%%

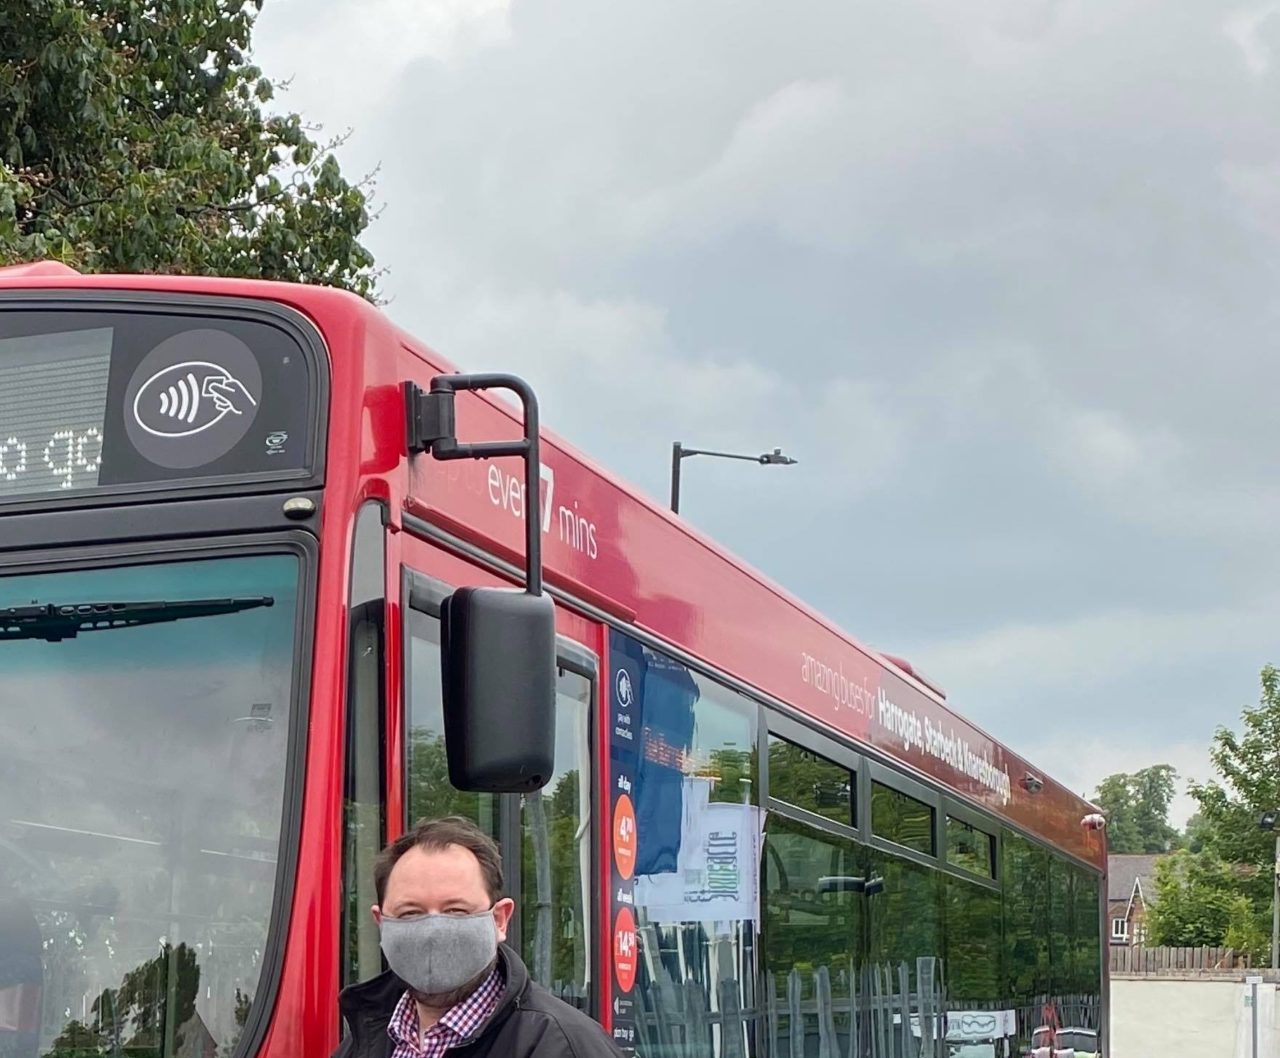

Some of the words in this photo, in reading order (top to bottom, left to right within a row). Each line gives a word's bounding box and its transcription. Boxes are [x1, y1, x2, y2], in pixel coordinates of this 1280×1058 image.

[42, 426, 103, 489] go
[539, 462, 554, 533] 7
[558, 501, 598, 560] mins
[801, 652, 839, 711] amazing
[839, 660, 864, 715] buses
[877, 686, 925, 755] Harrogate,
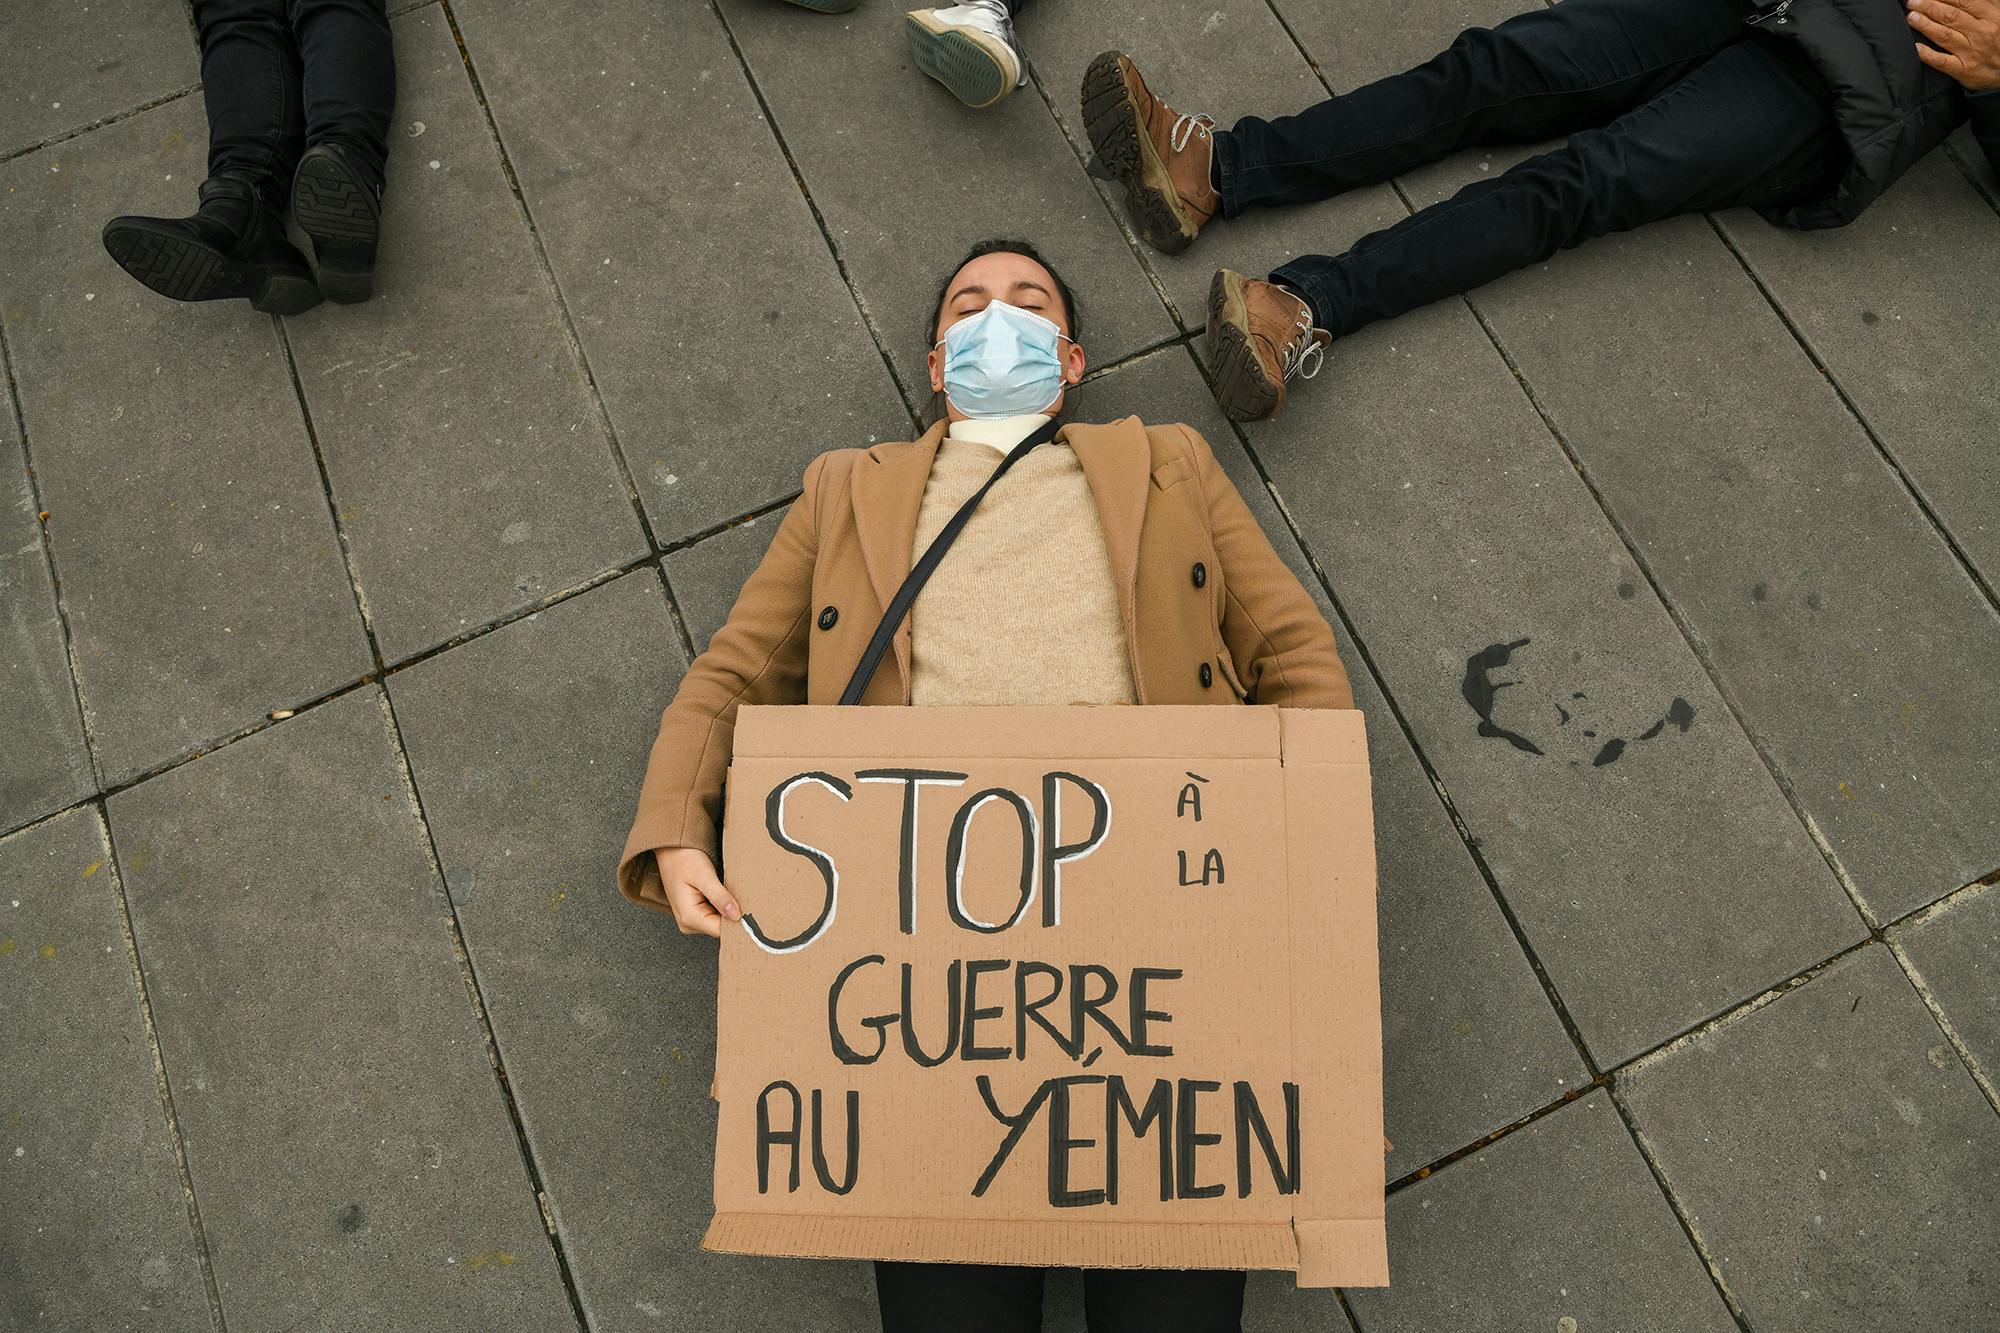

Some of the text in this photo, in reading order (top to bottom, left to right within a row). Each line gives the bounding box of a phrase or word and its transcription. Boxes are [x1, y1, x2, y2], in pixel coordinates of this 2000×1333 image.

[1177, 771, 1210, 822] À
[741, 768, 1112, 955] STOP
[1177, 848, 1225, 887] LA
[828, 954, 1184, 1067] GUERRE
[756, 1046, 1301, 1208] AU YÉMEN

%%

- EXERCISE DESCRIPTION
Return all the records exactly, excluding images.

- COMPLETED TASK
Some of the words in this photo, in reading order (top to bottom, left to right within a row). Each line gives a word's bounding box and its transcription. Boxes are [x1, y1, x2, y2], in pixel coordinates of this 1280×1058 image.

[42, 426, 103, 489] go
[539, 462, 554, 533] 7
[558, 501, 598, 560] mins
[801, 652, 839, 711] amazing
[839, 660, 864, 715] buses
[877, 686, 925, 755] Harrogate,

Some of the text in this photo, in reading order (top to bottom, left to right within a row). Each line gives the bounding box of a phrase or word and its transcription. Boxes are [x1, y1, x2, y2], in pixel coordinates of this 2000×1333 image.

[1177, 771, 1210, 822] À
[741, 768, 1112, 955] STOP
[1177, 848, 1225, 887] LA
[828, 954, 1184, 1067] GUERRE
[756, 1046, 1301, 1208] AU YÉMEN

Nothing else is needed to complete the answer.